The Obama administration's technology agenda saw a major leap forward Tuesday as federal CIO Vivek Kundra unveiled the U.S. government's Apps.gov, an online storefront where government agencies can purchase online applications from the likes of Google and Salesforce.com.
Apps.gov will be run and managed by the General Services Administration (GSA). The move is one of the first major cloud-based technology initiatives from Kundra, who made the announcement at a press event Tuesday at NASA's Ames Research Center in Moffett Field, Calif.
Both Kundra and federal CTO Aneesh Chopra are attempting to push forward the idea of an open, transparent federal government that embraces technology and sees the business efficiency benefits in areas such as cloud services. In comments Tuesday, Kundra played up potential savings in the government's annual IT spend (expected to be $75 billion in fiscal 2010).
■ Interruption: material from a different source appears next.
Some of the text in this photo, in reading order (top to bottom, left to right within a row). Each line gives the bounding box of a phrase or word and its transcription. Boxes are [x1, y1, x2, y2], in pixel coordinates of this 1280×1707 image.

"We are just beginning this undertaking, and it will take time before we can realize the full potential of cloud computing," wrote Kundra in a Tuesday blog post to the White House Web site. "By consolidating available services, Apps.gov is a one-stop source for cloud services -- an innovation that not only can change how IT operates but also save taxpayer dollars in the process." Apps.gov will scale throughout the next two years, according to Kundra, and the government plans to add lightweight applications as early as next year, with federal agencies beginning to receive guidance on shifting to cloud-based technologies by 2011.
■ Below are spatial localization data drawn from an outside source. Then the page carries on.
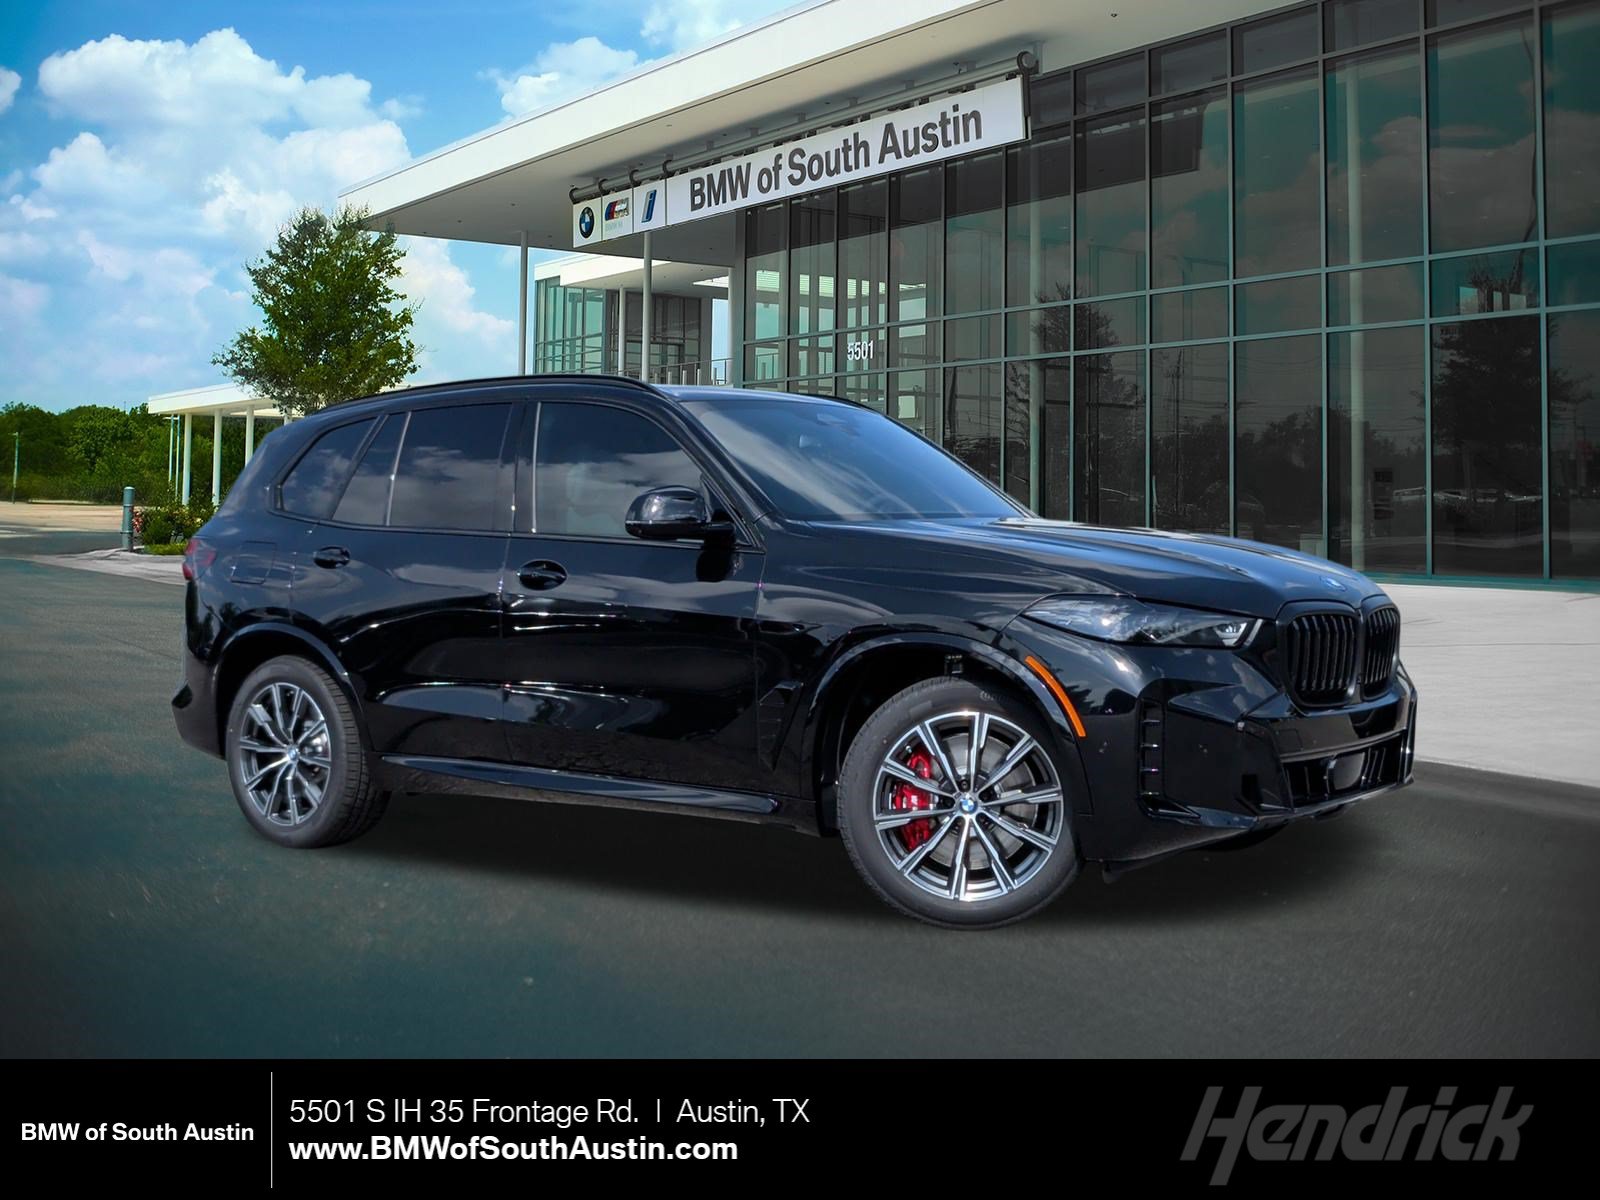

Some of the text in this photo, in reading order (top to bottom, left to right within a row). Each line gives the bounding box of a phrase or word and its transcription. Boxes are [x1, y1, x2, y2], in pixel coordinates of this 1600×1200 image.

[690, 104, 982, 211] BMW of South Austin
[847, 340, 873, 360] 5501
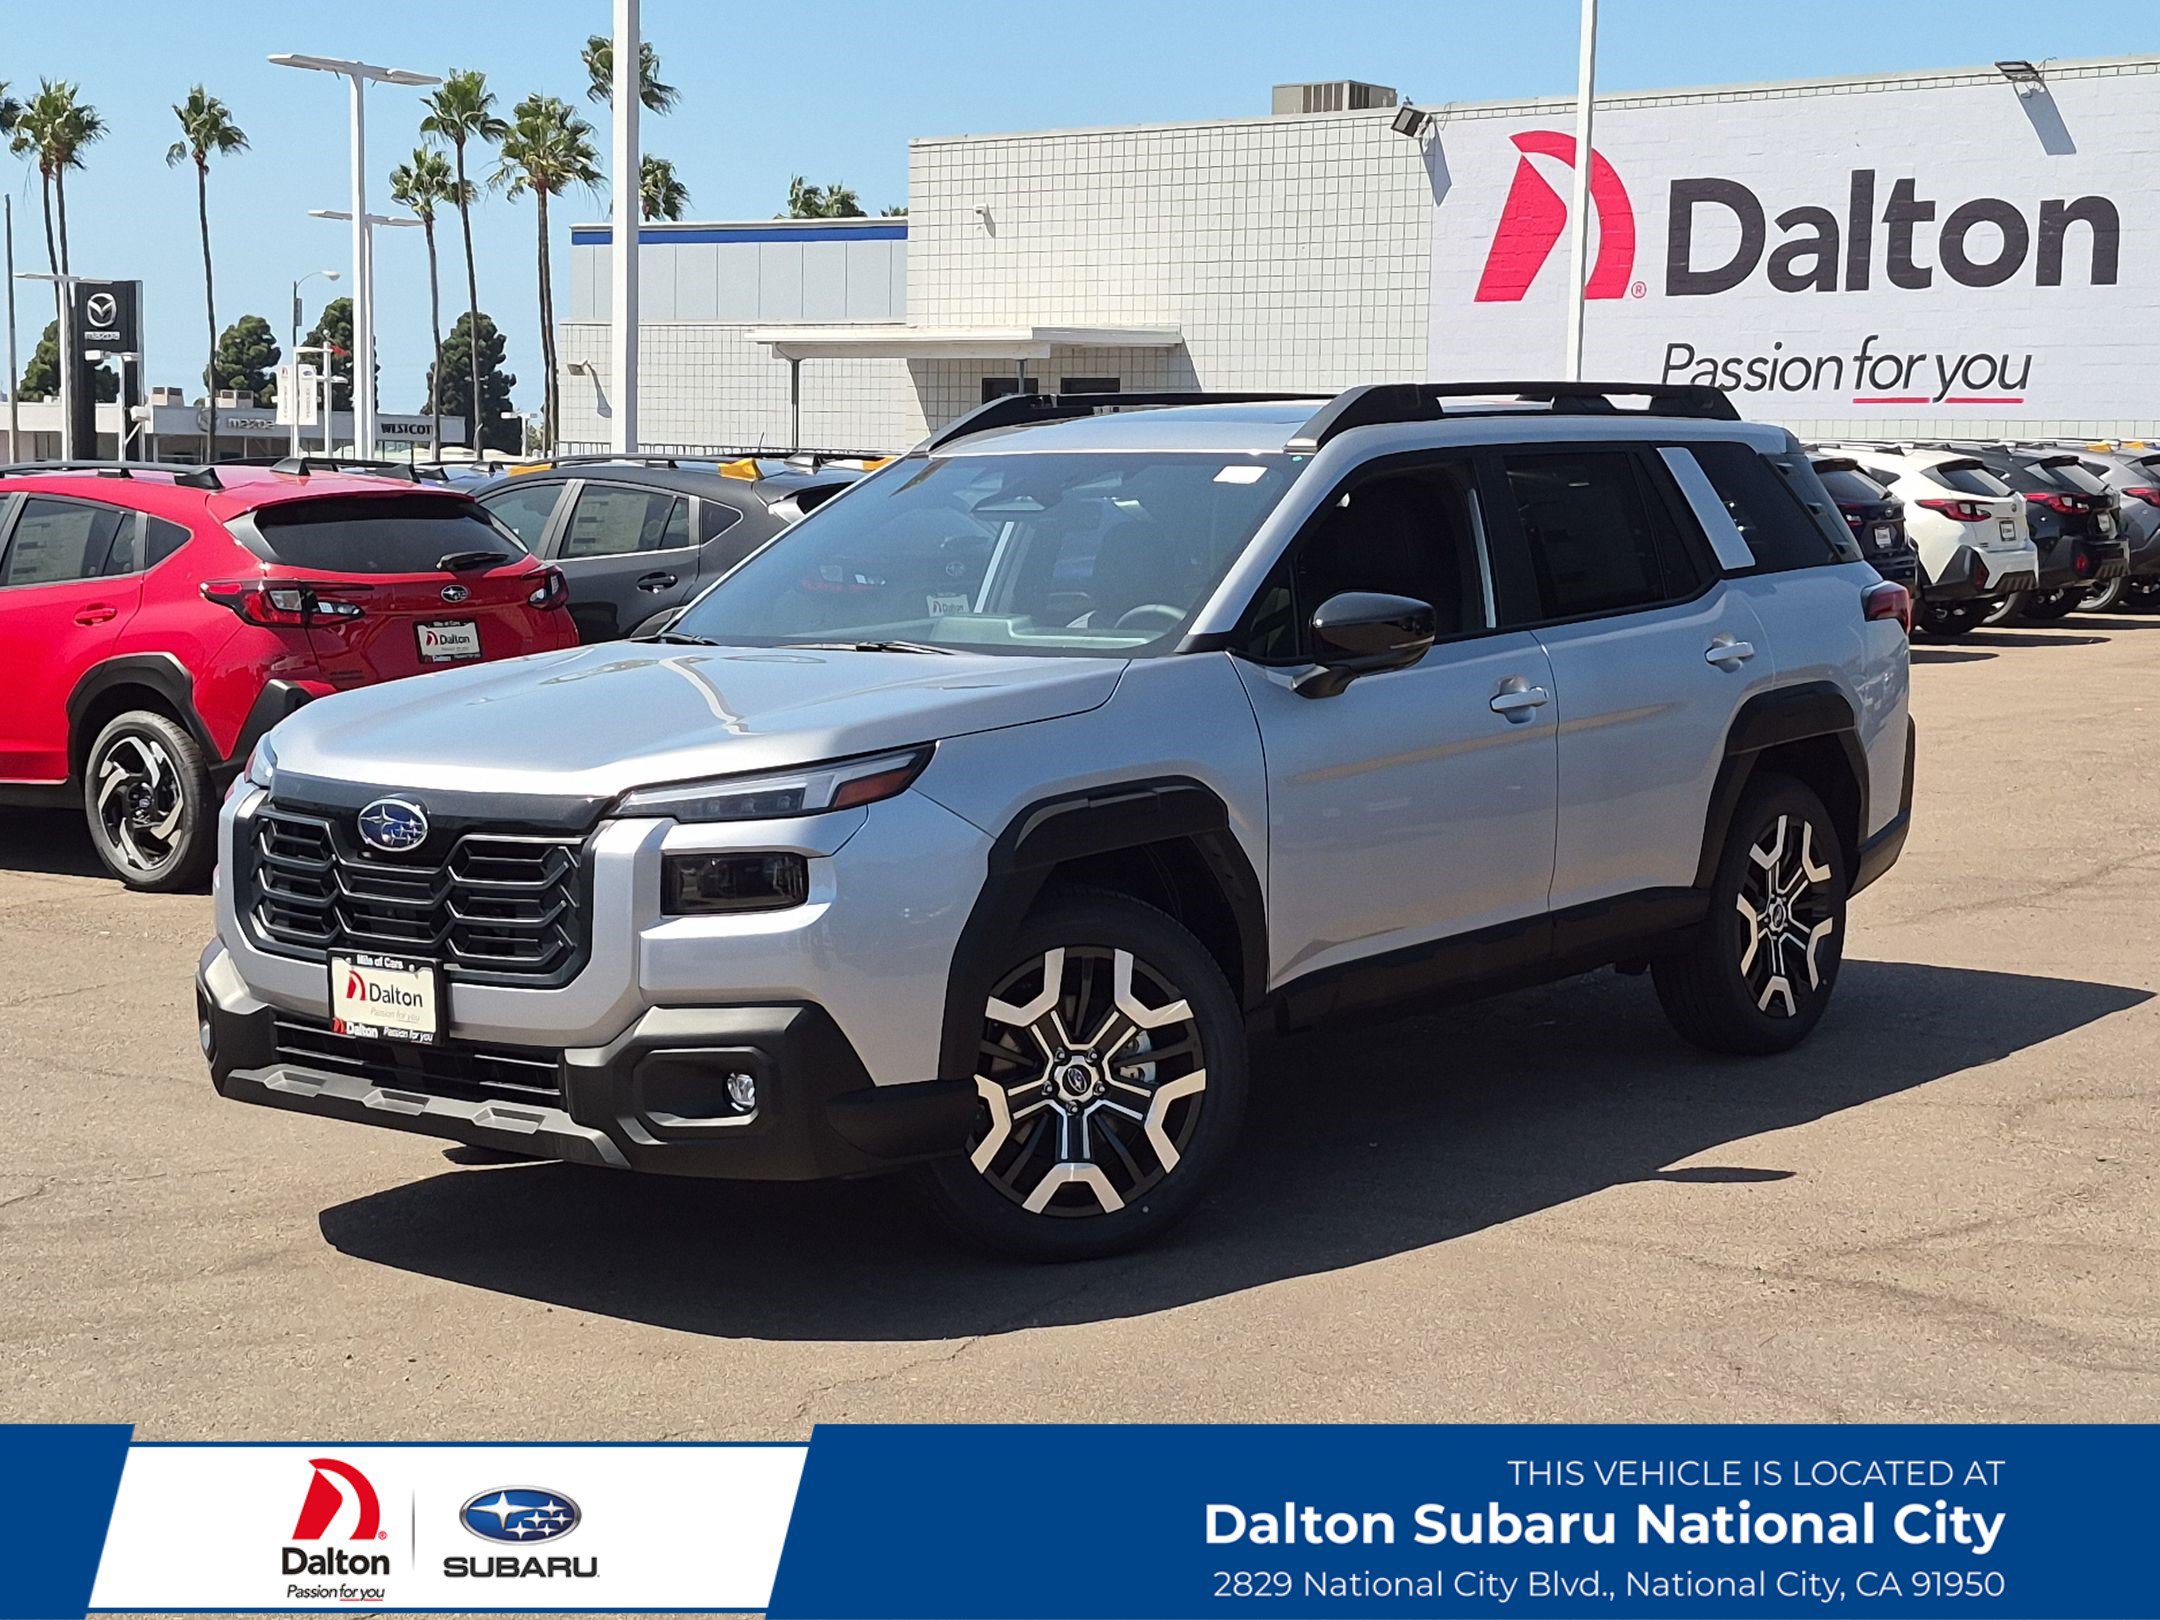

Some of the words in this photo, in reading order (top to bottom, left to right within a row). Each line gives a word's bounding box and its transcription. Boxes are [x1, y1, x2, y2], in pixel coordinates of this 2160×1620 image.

[1666, 169, 2120, 297] Dalton
[1662, 341, 1844, 392] Passion
[1852, 335, 1928, 391] for
[1934, 353, 2032, 404] you
[440, 633, 470, 646] Dalton
[374, 957, 383, 965] of
[369, 983, 423, 1008] Dalton
[371, 1007, 395, 1018] Passion
[346, 1021, 379, 1039] Dalton
[383, 1025, 409, 1038] Passion
[409, 1029, 420, 1040] for
[420, 1032, 433, 1043] you
Cloud computing initiatives are high on the minds of vendors and VARs alike as the new federal fiscal year begins Oct. 1 and they gear up for a new buying cycle. In a recent Channelweb.com look at federal spending priorities and hot topics for the federal IT buying season, several VARs pointed out that cloud computing is officially called out in the FY2011 OMB budget guidance -- the first time that's ever happened.
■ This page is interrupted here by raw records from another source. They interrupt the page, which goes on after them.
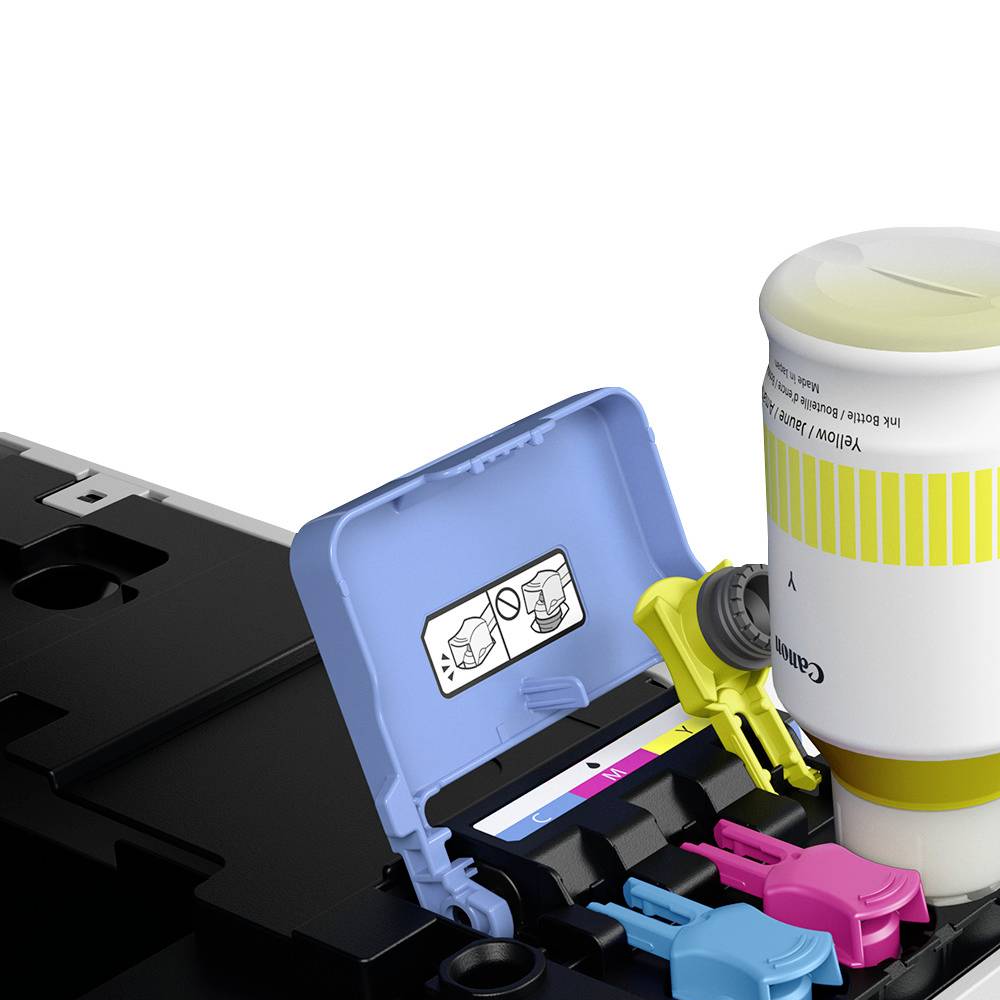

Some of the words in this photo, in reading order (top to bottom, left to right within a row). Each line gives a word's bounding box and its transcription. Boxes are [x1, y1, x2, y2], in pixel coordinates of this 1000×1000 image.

[790, 371, 796, 384] in
[798, 376, 819, 393] Made
[778, 381, 799, 404] d'encre
[800, 395, 838, 419] Bouteille
[779, 409, 807, 436] Jaune
[847, 410, 880, 427] Bottle
[884, 416, 901, 428] Ink
[808, 425, 815, 439] /
[816, 428, 862, 452] Yellow
[788, 570, 797, 591] Y
[775, 635, 825, 684] Canon
[675, 725, 694, 735] Y
[602, 767, 628, 781] M
[531, 812, 552, 824] C
Google said Tuesday in a post to the Google Enterprise Blog it would continue to tailor new services for government to support Apps.gov.
Back in July, Google first mentioned it would work to make Google Apps pass muster under the Federal Information Security Act (FISMA), and Matthew Glotzbatch, director of product management for Google Enterprise, wrote Tuesday that that process is "nearing completion." Google also said it intends to create a government cloud that offers the same features available in Google's commercial cloud portfolio but adjusted to FISMA and other government regulations. Google said it wants to have the government Google cloud operational by 2010.